◆ Your task ◆
Each line from the one containing "this 1280×1711 image." to the end of the entries is to be repeated exactly, and no other line.

Spatial localization data:
***

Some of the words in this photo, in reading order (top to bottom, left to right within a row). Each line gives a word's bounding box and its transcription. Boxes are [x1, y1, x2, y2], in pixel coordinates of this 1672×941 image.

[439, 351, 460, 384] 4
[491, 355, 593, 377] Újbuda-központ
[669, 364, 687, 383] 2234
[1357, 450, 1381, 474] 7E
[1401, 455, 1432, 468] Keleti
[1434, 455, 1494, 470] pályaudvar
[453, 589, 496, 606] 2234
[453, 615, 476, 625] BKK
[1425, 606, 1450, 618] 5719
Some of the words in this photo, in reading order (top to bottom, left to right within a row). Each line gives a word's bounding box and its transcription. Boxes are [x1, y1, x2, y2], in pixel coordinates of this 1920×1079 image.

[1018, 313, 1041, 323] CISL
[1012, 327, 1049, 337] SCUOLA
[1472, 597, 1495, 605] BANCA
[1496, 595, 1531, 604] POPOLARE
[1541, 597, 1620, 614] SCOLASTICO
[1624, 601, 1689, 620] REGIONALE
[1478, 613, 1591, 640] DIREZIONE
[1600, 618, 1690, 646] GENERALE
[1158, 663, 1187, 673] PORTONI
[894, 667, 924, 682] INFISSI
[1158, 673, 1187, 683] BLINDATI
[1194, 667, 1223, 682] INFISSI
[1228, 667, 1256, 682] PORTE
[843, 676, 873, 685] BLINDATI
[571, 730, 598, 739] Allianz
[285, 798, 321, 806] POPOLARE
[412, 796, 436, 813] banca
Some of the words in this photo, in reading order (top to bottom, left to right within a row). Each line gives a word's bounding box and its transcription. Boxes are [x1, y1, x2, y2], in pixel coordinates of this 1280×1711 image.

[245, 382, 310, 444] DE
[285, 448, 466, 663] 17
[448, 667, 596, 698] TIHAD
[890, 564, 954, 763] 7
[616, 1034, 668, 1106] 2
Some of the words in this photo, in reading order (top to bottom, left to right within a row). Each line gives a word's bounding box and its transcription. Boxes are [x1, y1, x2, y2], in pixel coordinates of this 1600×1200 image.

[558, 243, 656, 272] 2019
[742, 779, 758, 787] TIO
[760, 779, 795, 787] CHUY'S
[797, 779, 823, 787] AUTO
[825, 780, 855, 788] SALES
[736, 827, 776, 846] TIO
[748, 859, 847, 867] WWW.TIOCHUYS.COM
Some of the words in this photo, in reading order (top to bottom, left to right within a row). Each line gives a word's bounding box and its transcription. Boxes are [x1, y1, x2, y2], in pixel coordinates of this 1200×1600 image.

***

◆ Your solution ◆
Some of the words in this photo, in reading order (top to bottom, left to right within a row). Each line gives a word's bounding box and its transcription. Boxes are [x1, y1, x2, y2], in pixel coordinates of this 1280×1711 image.

[245, 382, 310, 444] DE
[285, 448, 466, 663] 17
[448, 667, 596, 698] TIHAD
[890, 564, 954, 763] 7
[616, 1034, 668, 1106] 2
Some of the words in this photo, in reading order (top to bottom, left to right within a row). Each line gives a word's bounding box and its transcription. Boxes are [x1, y1, x2, y2], in pixel coordinates of this 1600×1200 image.

[558, 243, 656, 272] 2019
[742, 779, 758, 787] TIO
[760, 779, 795, 787] CHUY'S
[797, 779, 823, 787] AUTO
[825, 780, 855, 788] SALES
[736, 827, 776, 846] TIO
[748, 859, 847, 867] WWW.TIOCHUYS.COM
Some of the words in this photo, in reading order (top to bottom, left to right within a row). Each line gives a word's bounding box and its transcription. Boxes are [x1, y1, x2, y2], in pixel coordinates of this 1200×1600 image.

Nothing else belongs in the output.